#### What needs to be done
Retype the following records exactly and exclude the pictures.

#### Records supplied

■ ■ ■ ■ ■ ■ ■

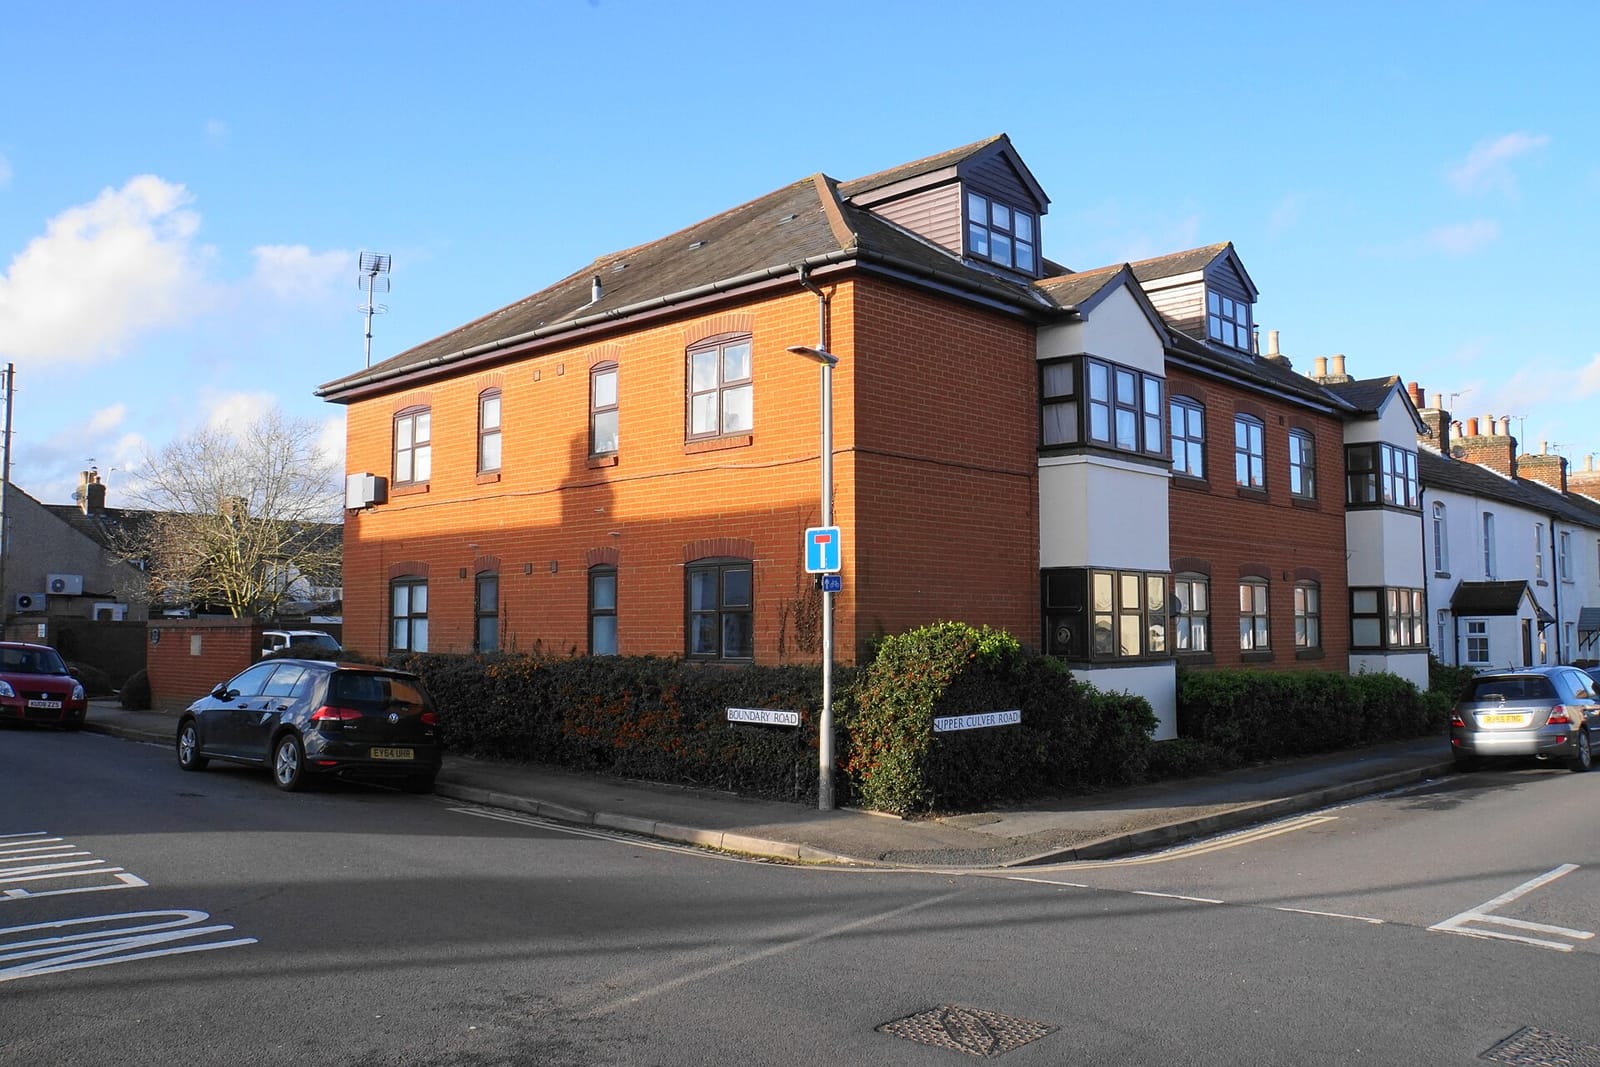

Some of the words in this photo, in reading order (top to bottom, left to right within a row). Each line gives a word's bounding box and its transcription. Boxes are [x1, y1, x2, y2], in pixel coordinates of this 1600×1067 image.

[728, 709, 770, 722] BOUNDARY
[774, 712, 797, 724] ROAD
[936, 717, 965, 730] UPPER
[966, 714, 997, 727] CULVER
[998, 711, 1018, 723] ROAD
[373, 748, 394, 758] EY64

■ ■ ■ ■ ■ ■ ■

#### Result of this exercise
Some of the words in this photo, in reading order (top to bottom, left to right within a row). Each line gives a word's bounding box and its transcription. Boxes are [x1, y1, x2, y2], in pixel coordinates of this 1600×1067 image.

[728, 709, 770, 722] BOUNDARY
[774, 712, 797, 724] ROAD
[936, 717, 965, 730] UPPER
[966, 714, 997, 727] CULVER
[998, 711, 1018, 723] ROAD
[373, 748, 394, 758] EY64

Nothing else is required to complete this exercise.